Rule #1. Start with a bang!
Get right into it right away. No leading up. No preparing the ground. No getting the reader’s mind into the right space. No gentle introduction.
Start the story. Something happens. Action, maybe even excitement.
Yes, at some point you may need to show the events leading up to the Big Bang Start, but show it later, preferably in little bits and perhaps in dialog. Don’t bore the reader with paragraphs of “It was like this. First…and then…so, you see, later…
They just want to get to the story.
When I was working on my historical novel my agent and my editor both disliked my beginning. A beginning that I personally thought was both interesting and highly relevant. It was a short, three-part prologue showing the diverse backgrounds of these three woman. It showed it vividly and succinctly, I thought. It was necessary to show how and why they came to be in this situation, I thought.

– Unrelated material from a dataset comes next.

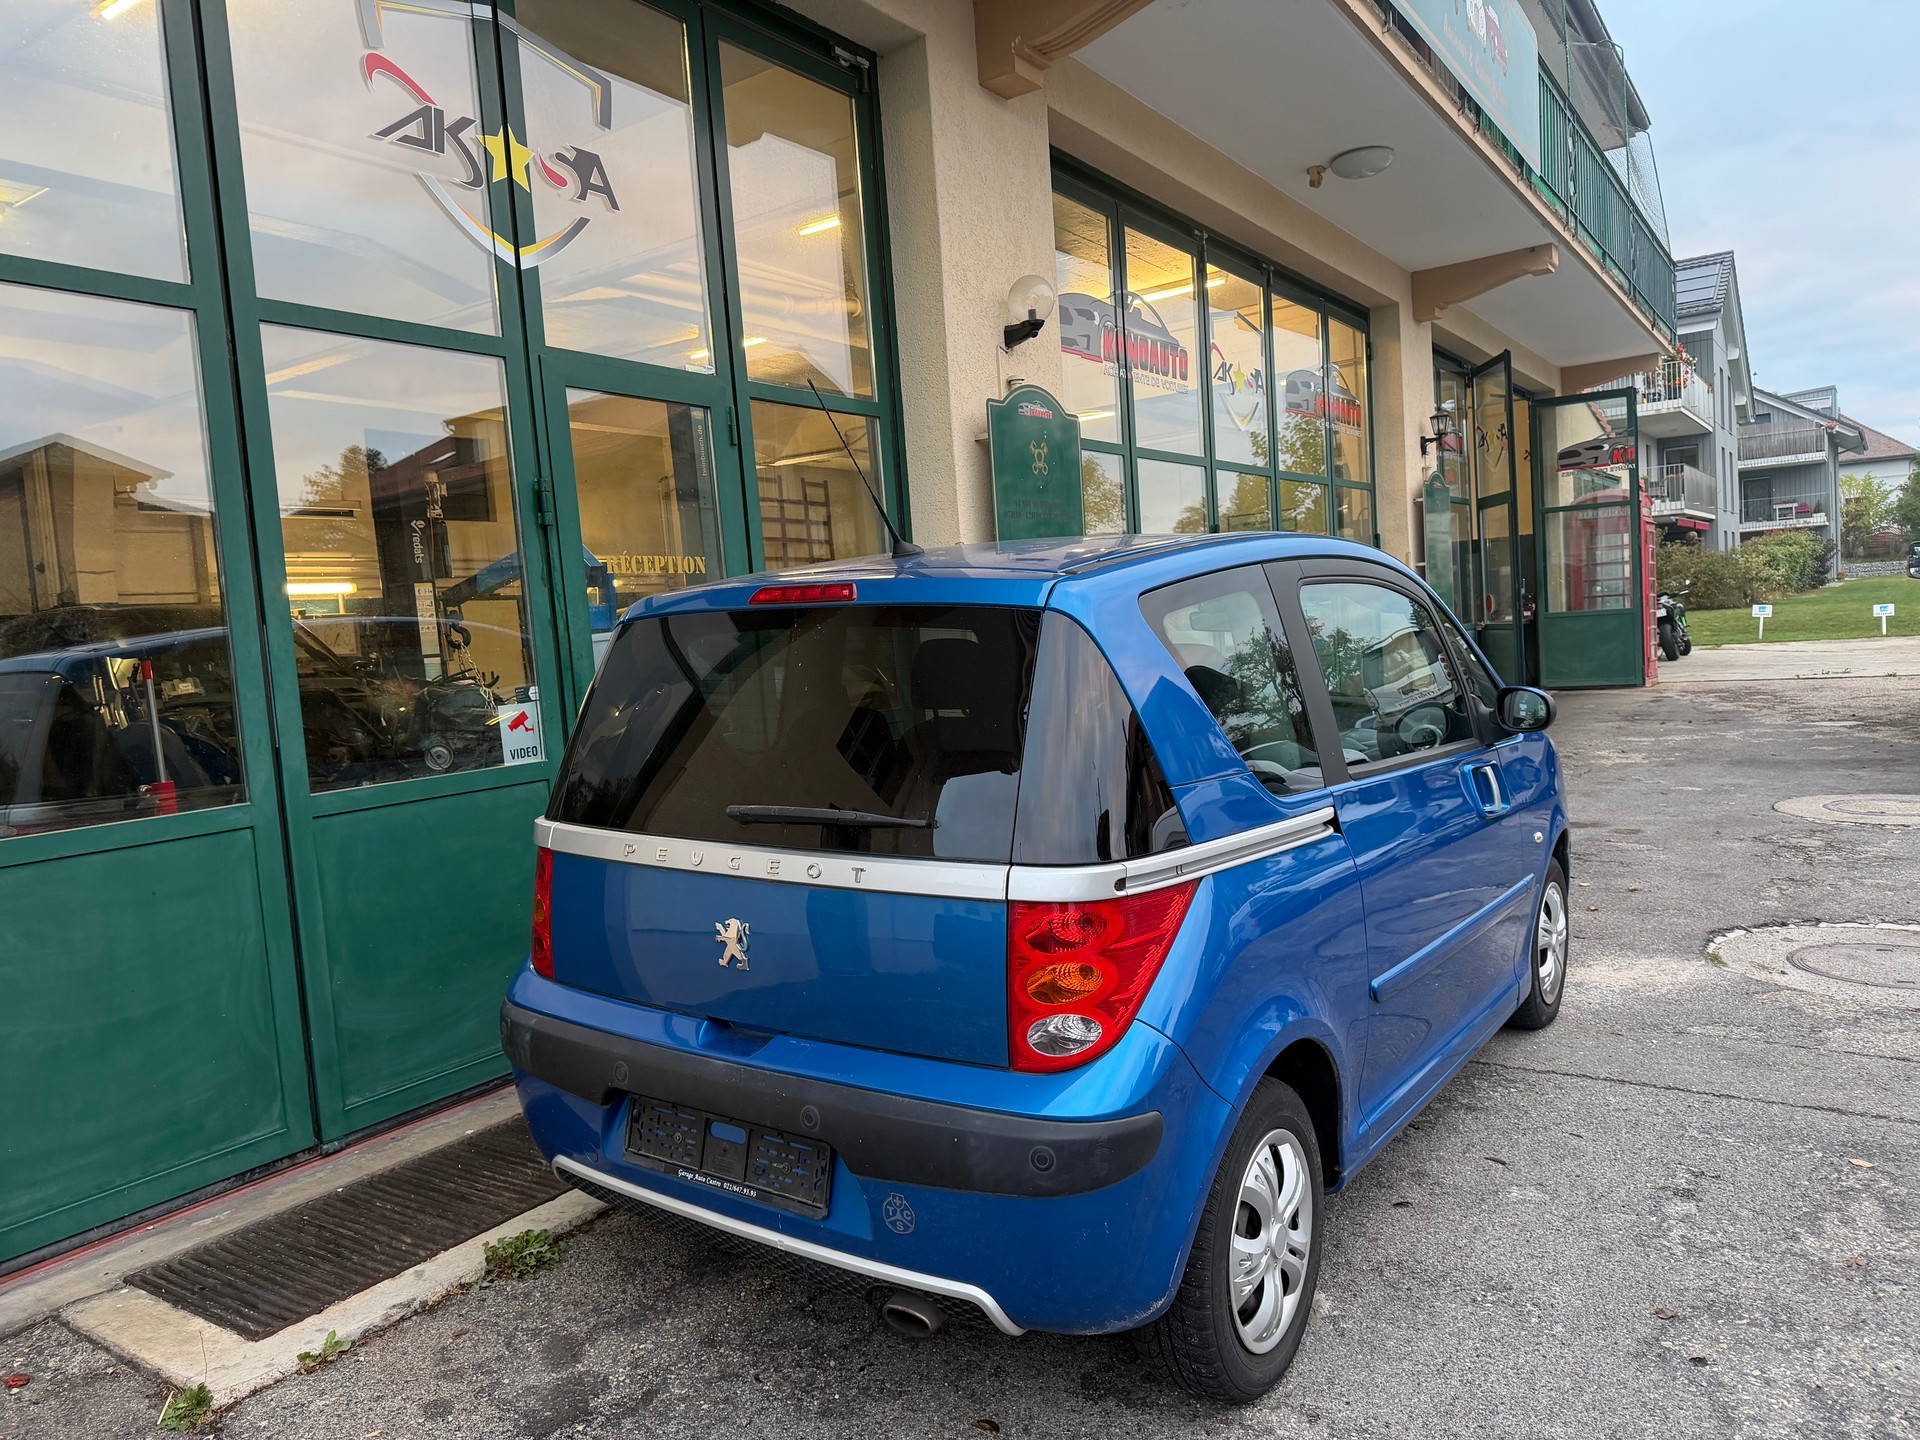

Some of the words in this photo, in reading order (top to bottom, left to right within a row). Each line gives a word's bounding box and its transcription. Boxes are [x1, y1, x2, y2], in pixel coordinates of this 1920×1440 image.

The professionals did not agree and my lovely prologue, full of word pictures, movement, color and dialogue had to go. It nearly broke my heart….until I realized that I could cleverly keep almost all of it as long as I moved it, in bits, to later parts of the story.
So it is now sprinkled through the first three chapters and the first page of my novel has the three young women stepping off the boat into a strange land. Reluctantly, I have to agree that it reads better – it gets the reader into the story right away.
It’s OK to start off your writing by giving that introduction. Maybe you need it (I did) to get yourself into the story and into the feelings and emotions of the characters. But you have to move it out of the way before any writing professional sees it. When the structure is finished you can remove the supports.
Rule #2? Not important. Just get the action happening. That’s what matters most.